De nos jours, le monde nous tend une liste apparemment sans fin de suggestions pour améliorer notre corps, le rendre plus performant et en meilleure forme. Régimes, exercices, compléments alimentaires et autres moyens censés renforcer notre beauté ou nos capacités – nous disposons là d’un choix pléthorique. Au milieu de ce déluge de recommandations provenant de tant de sources différentes, comment éviter d’accorder une attention excessive au corps tout en en prenant convenablement soin ? Nous trouverons les meilleurs conseils lorsque nous chercherons ceux de notre créateur, qui prend soin de nous de la manière la plus complète et la plus aimante qui soit.

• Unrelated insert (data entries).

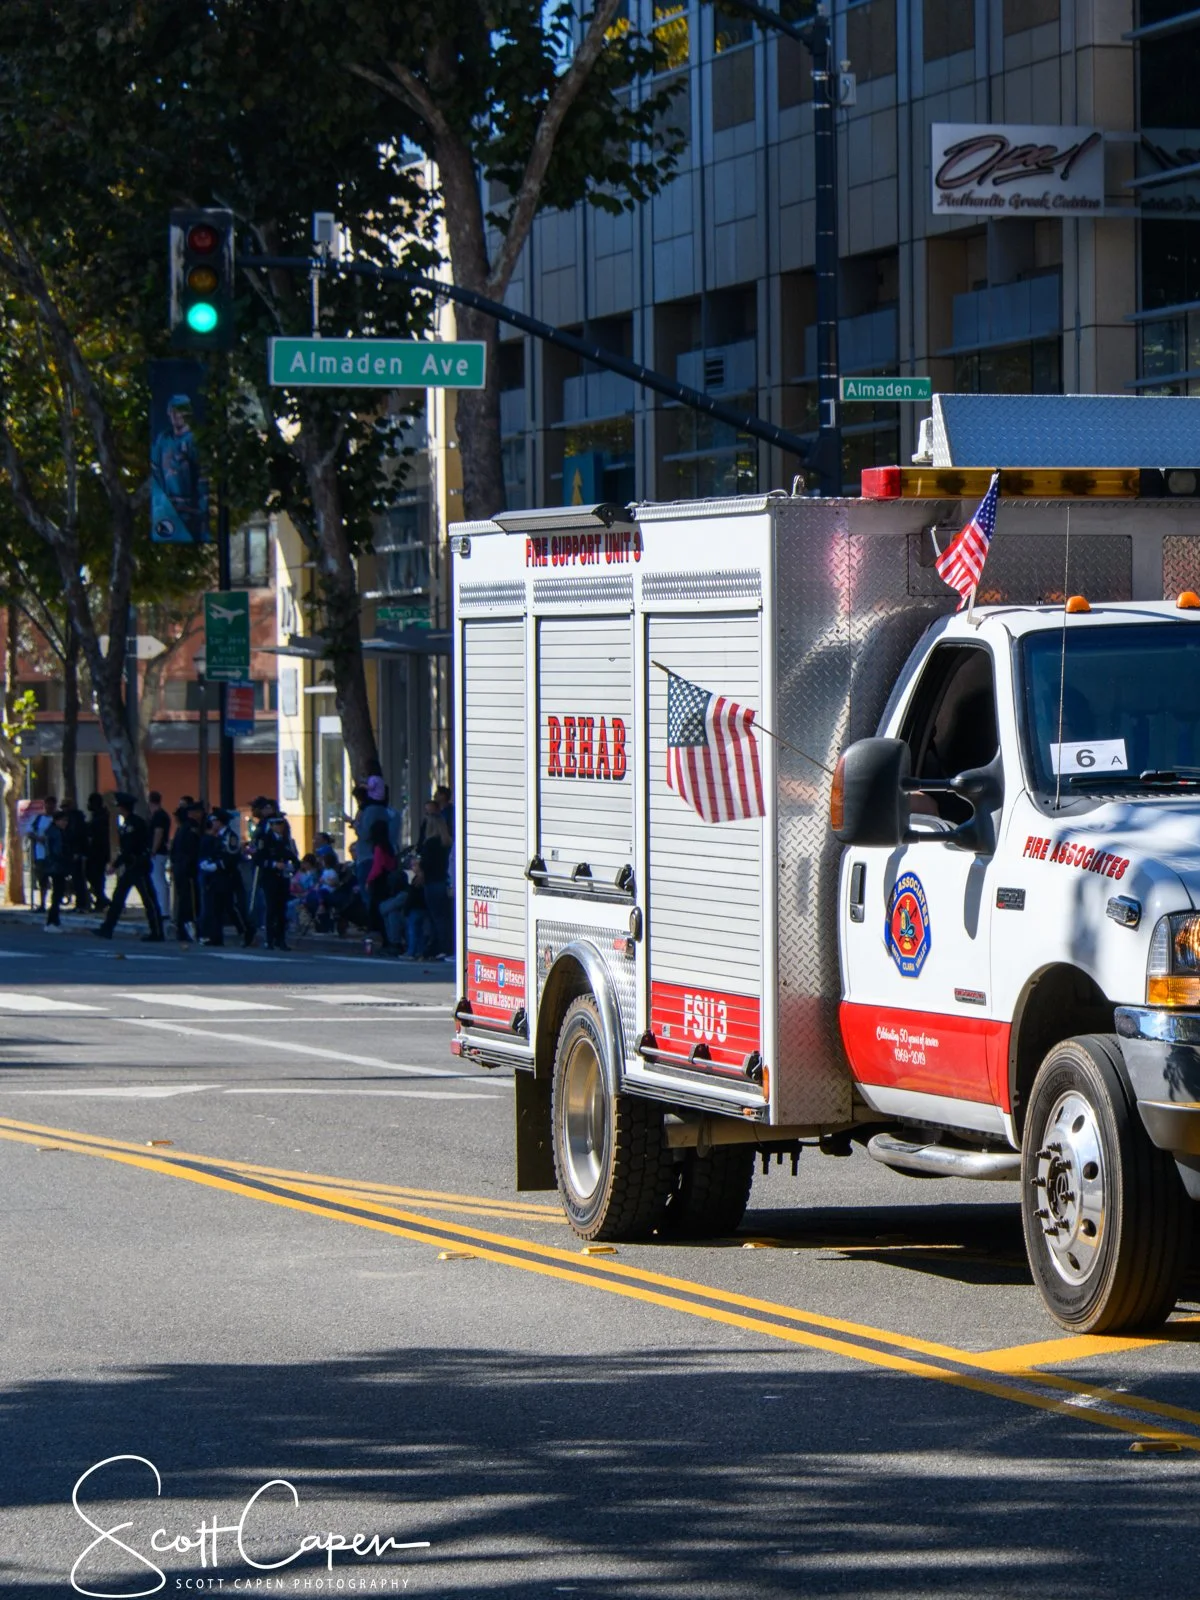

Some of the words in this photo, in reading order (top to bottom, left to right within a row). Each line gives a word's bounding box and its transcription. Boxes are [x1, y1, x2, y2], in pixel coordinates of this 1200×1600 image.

[937, 189, 1005, 209] Authentic
[1008, 191, 1051, 210] Greek
[290, 351, 402, 374] Almaden
[421, 353, 469, 376] Ave
[846, 382, 912, 396] Almaden
[525, 537, 548, 567] FIRE
[551, 533, 602, 567] SUPPORT
[604, 532, 631, 565] UNIT
[633, 531, 641, 563] 3
[547, 716, 627, 780] REHAB
[1076, 749, 1096, 768] 6
[1111, 755, 1123, 765] A
[1022, 835, 1051, 860] FIRE
[1049, 840, 1130, 880] ASSOCIATES
[470, 884, 499, 899] EMERGENCY
[473, 899, 489, 930] 911
[683, 993, 715, 1041] FSU
[716, 1000, 728, 1043] 3
[899, 1028, 908, 1043] 50
[894, 1048, 926, 1065] 1969-2019

Dieu, l’Esprit, nous guide dans nos choix, bien que l’inspiration ne vienne pas tant sous la forme de conseils particuliers qu’à travers notre désir d’exprimer les qualités chrétiennes comme la patience, l’amour, la discipline, la modération, la force et l’harmonie. Lorsque nous nous sentons alors poussés à modifier notre alimentation ou nos habitudes quotidiennes, cette inspiration est basée sur l’écoute et la prise en compte des conseils affectueux de l’Amour, et non sur la crainte que tel aliment soit nocif ou que nous soyons victimes des maux attribués à l’âge si nous ne pratiquons aucune forme d’exercice.

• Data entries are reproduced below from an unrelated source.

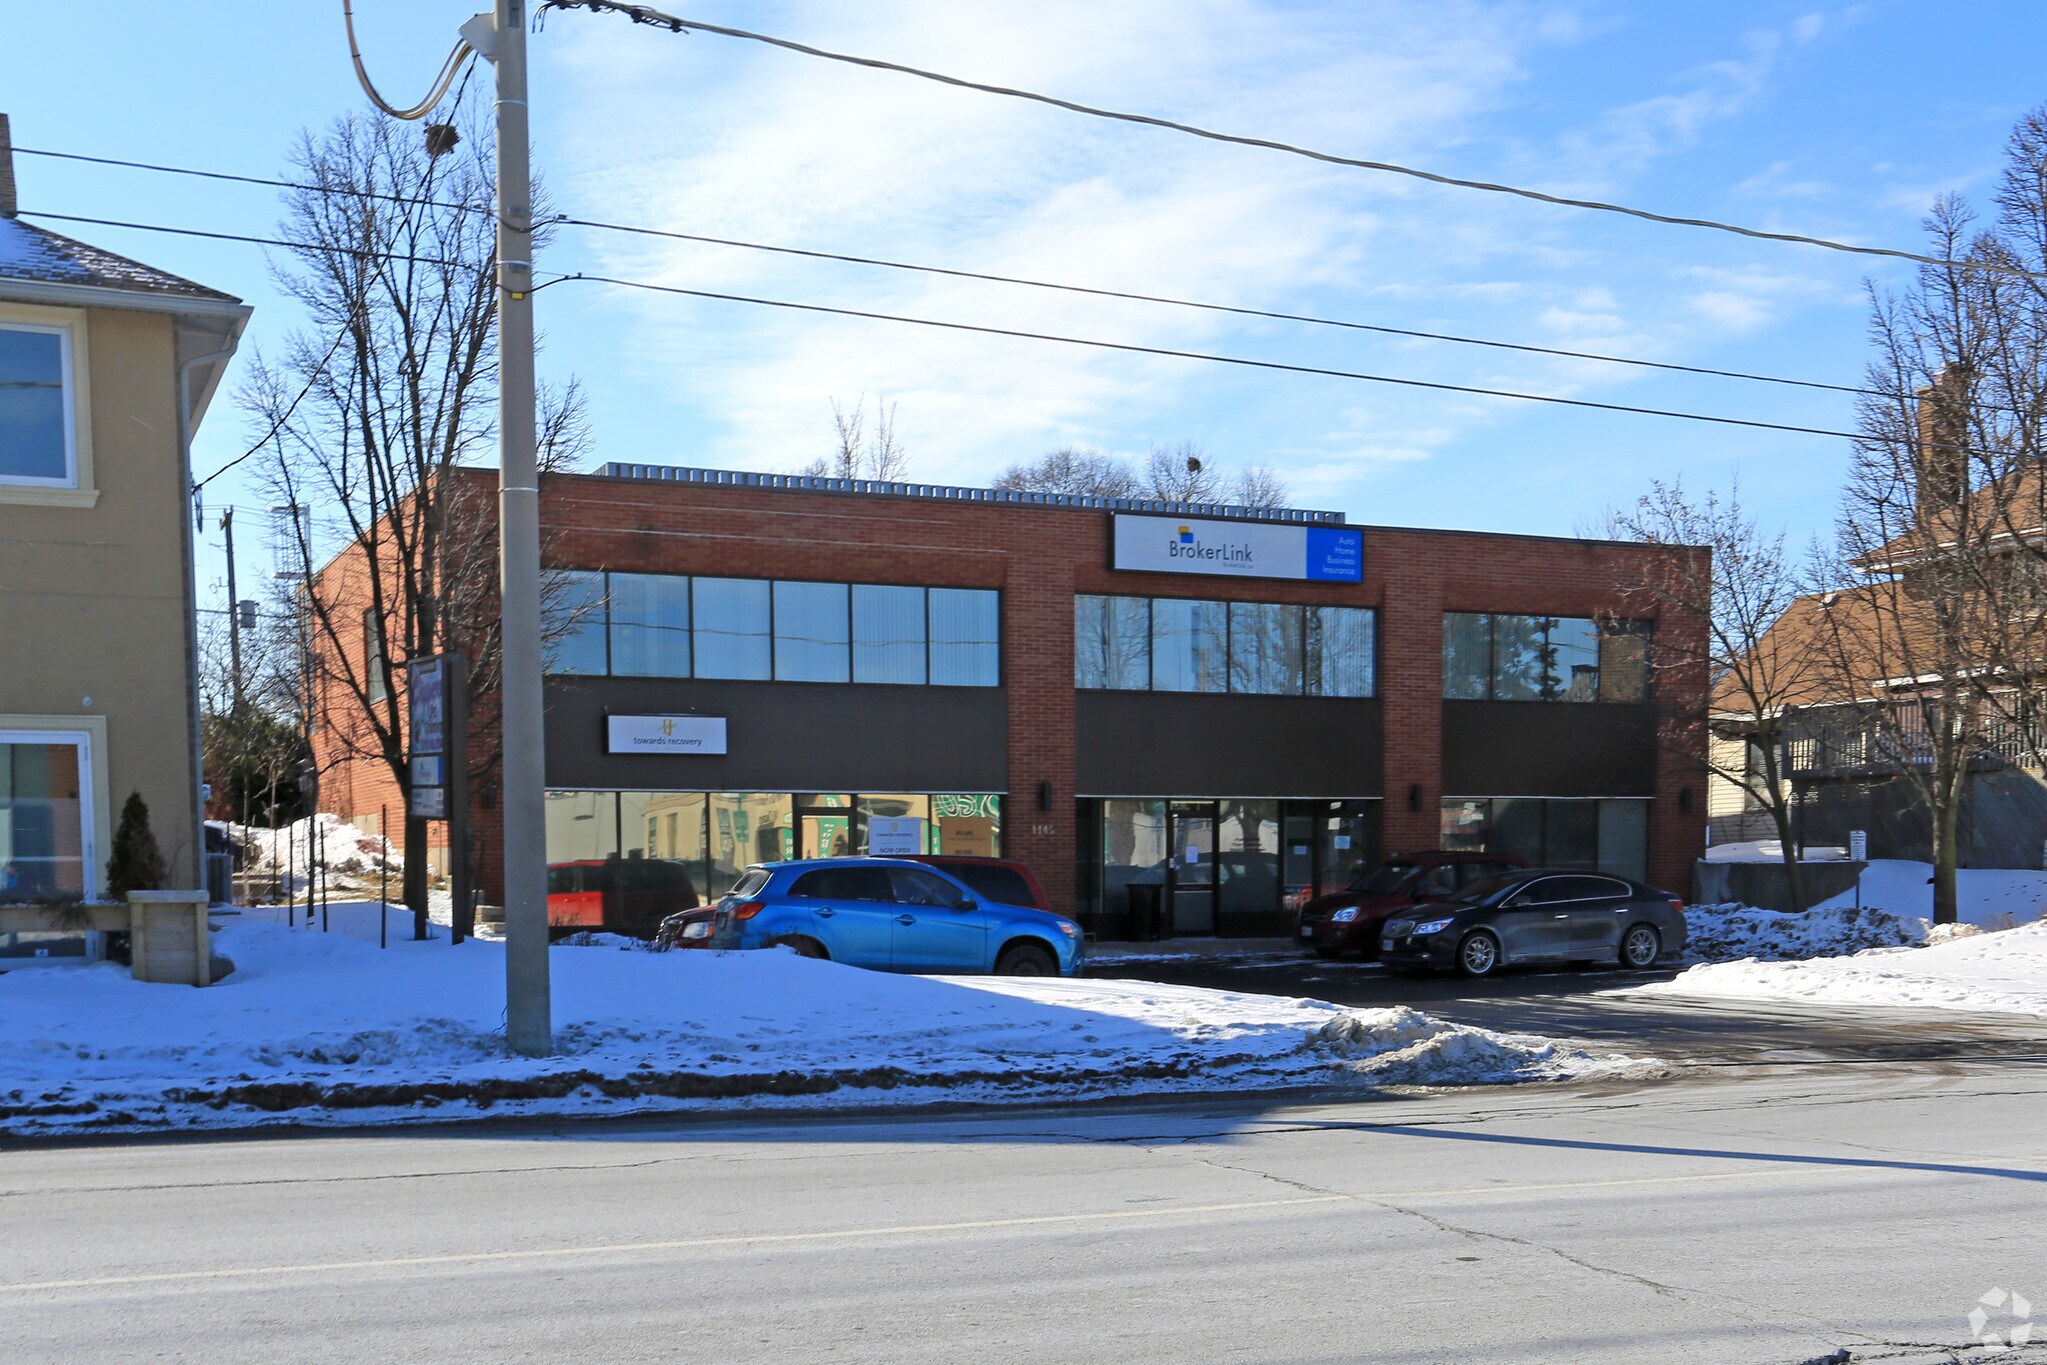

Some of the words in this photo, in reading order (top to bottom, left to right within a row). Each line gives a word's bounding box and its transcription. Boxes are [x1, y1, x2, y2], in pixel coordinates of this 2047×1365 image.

[1338, 537, 1355, 546] Auto
[1170, 540, 1253, 561] BrokerLink
[1334, 546, 1356, 555] Home
[1326, 555, 1356, 566] Business
[1322, 565, 1356, 576] Insurance
[633, 737, 666, 745] towards
[667, 738, 702, 747] recovery

Notre corps manifeste ce que nous gardons à la conscience. En nous identifiant aux idées de l’Entendement divin et en écoutant les conseils de l’Entendement plutôt que les plaintes ou les injonctions du corps, nous prenons correctement soin de nous et rejetons toute tendance à idolâtrer, maltraiter ou dénigrer notre corps. Cette manière de nous soigner reflète la sollicitude de l’Amour à notre égard et nous permet de consacrer librement nos pensées à cette grande tâche qui consiste à prendre part à la guérison de l’humanité. De cette façon, nous honorons la puissante et merveilleuse identité spirituelle de chacun d’entre nous et de toute la création.